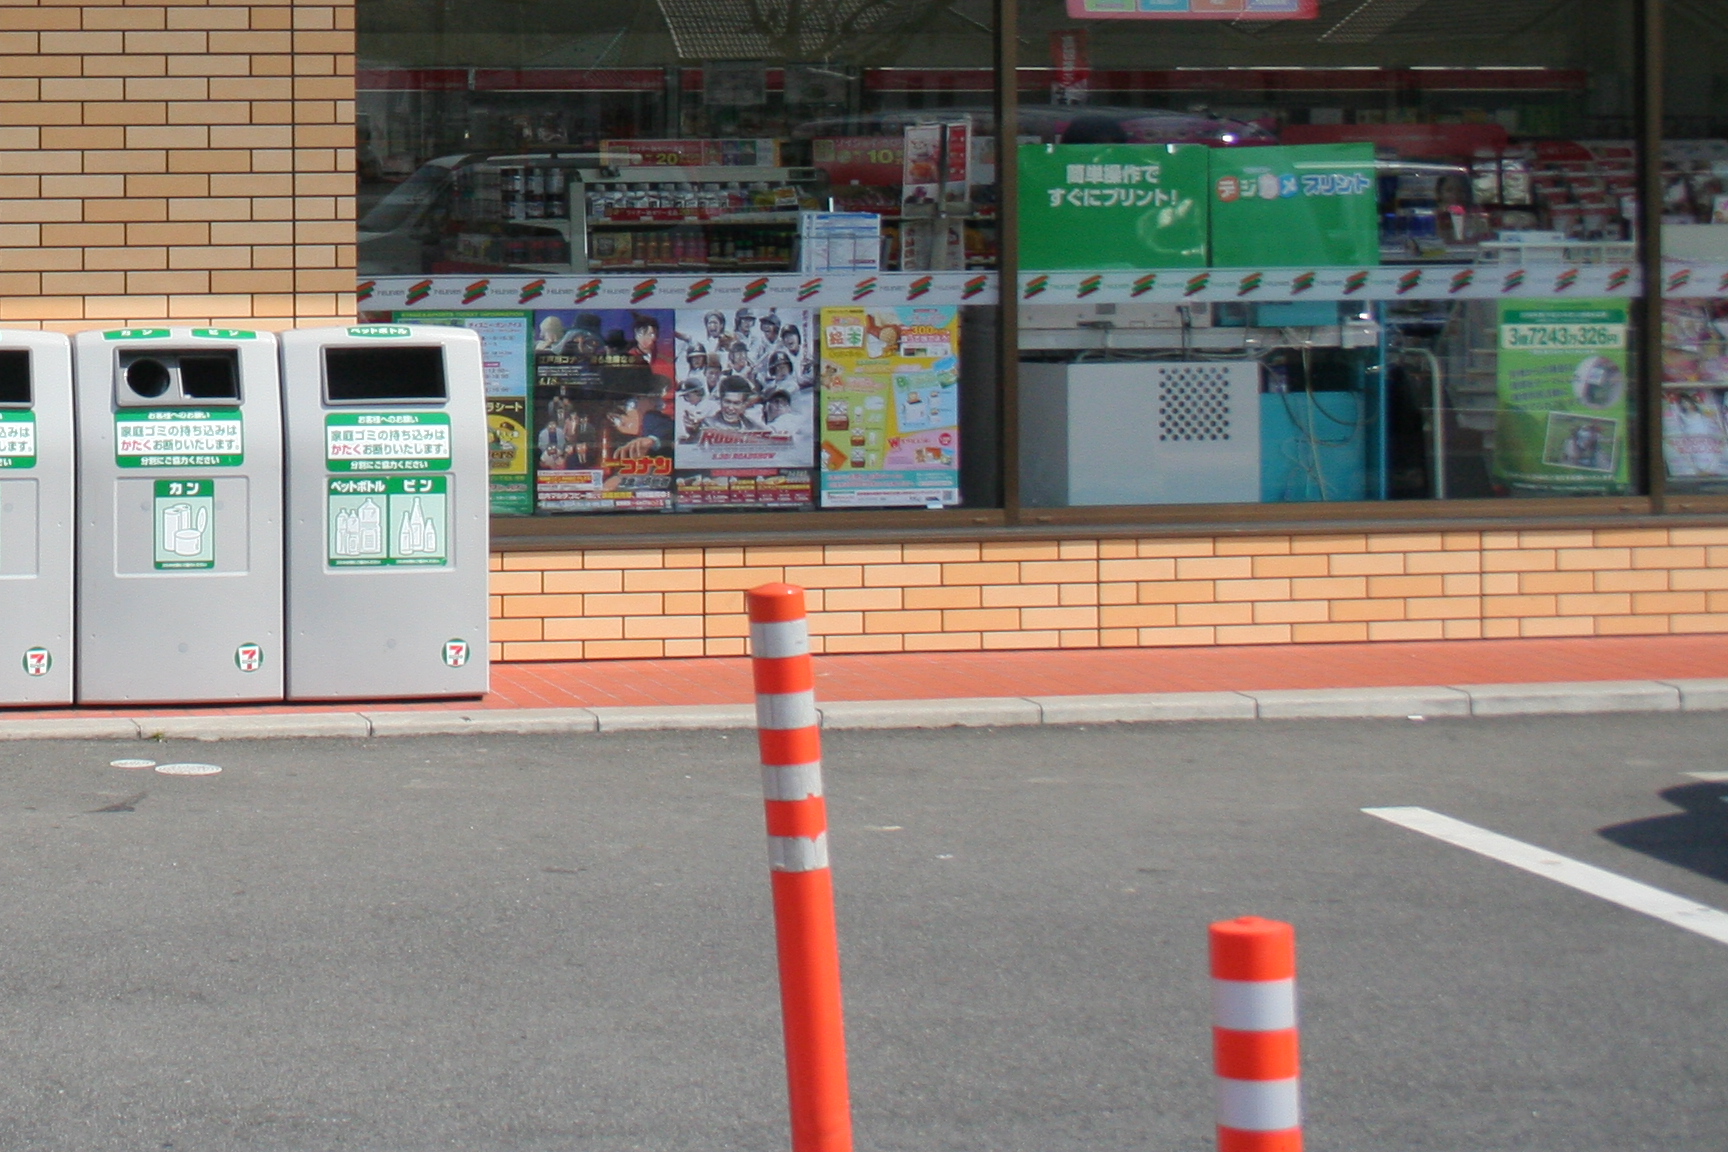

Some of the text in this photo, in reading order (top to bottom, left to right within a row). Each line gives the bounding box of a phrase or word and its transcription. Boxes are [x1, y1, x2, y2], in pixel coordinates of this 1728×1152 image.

[1066, 163, 1161, 184] 簡単操作で
[1217, 175, 1299, 202] デジメ
[1047, 187, 1178, 208] すぐにプリント!
[350, 327, 408, 335] ペットボトル
[120, 425, 238, 437] 家庭ゴミの持ち込みは
[330, 430, 446, 442] 家庭ゴミの持ち込みは
[121, 440, 240, 452] かたくお断りいたします。
[331, 443, 448, 455] かたくお断りいたします。
[169, 482, 200, 495] カン
[330, 480, 386, 492] ペットボトル
[403, 479, 433, 492] ビン
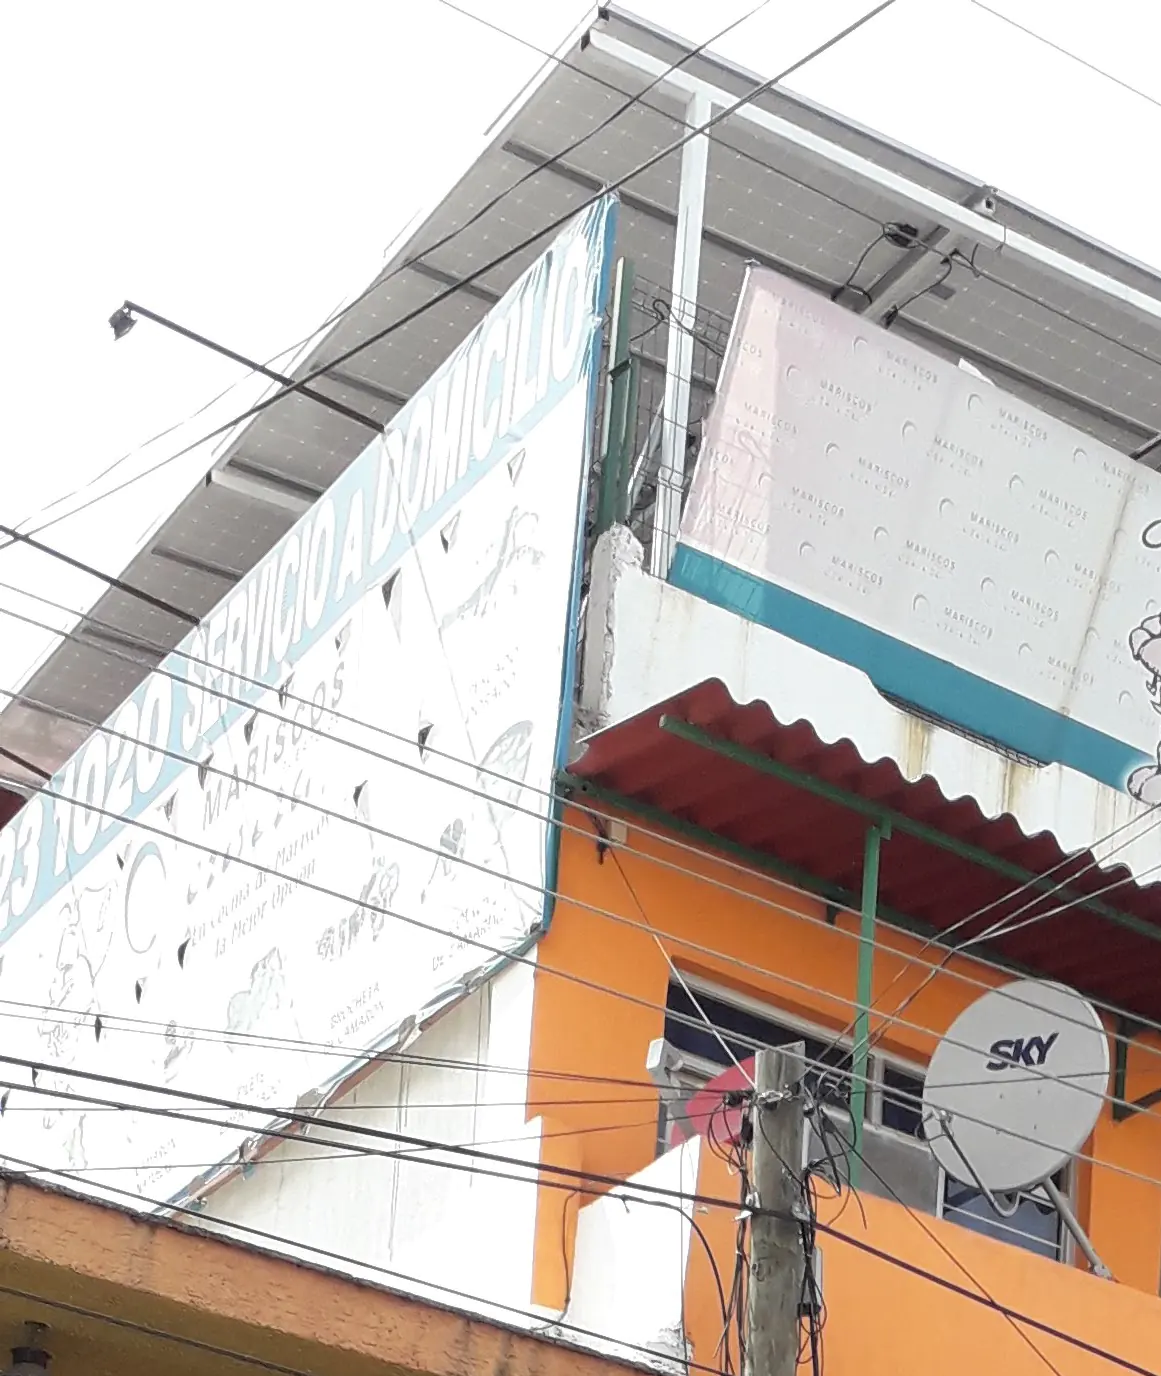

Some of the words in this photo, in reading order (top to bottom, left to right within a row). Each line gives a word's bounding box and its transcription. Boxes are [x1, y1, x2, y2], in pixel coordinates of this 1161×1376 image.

++++++

ASSIGNED TASK: Give the entries again word for word, but skip the pictures.

RESPONSE TO THE EXERCISE:
Some of the text in this photo, in reading order (top to bottom, left to right within a row). Each line gives the bounding box of a phrase or word and its transcription. Boxes are [x1, y1, x2, y2], in pixel coordinates of this 1728×1152 image.

[1066, 163, 1161, 184] 簡単操作で
[1217, 175, 1299, 202] デジメ
[1047, 187, 1178, 208] すぐにプリント!
[350, 327, 408, 335] ペットボトル
[120, 425, 238, 437] 家庭ゴミの持ち込みは
[330, 430, 446, 442] 家庭ゴミの持ち込みは
[121, 440, 240, 452] かたくお断りいたします。
[331, 443, 448, 455] かたくお断りいたします。
[169, 482, 200, 495] カン
[330, 480, 386, 492] ペットボトル
[403, 479, 433, 492] ビン

Some of the words in this photo, in reading order (top to bottom, left to right within a row). Each line gives a word's bounding box and its transcription. Boxes are [x1, y1, x2, y2], in pixel coordinates of this 1161×1376 image.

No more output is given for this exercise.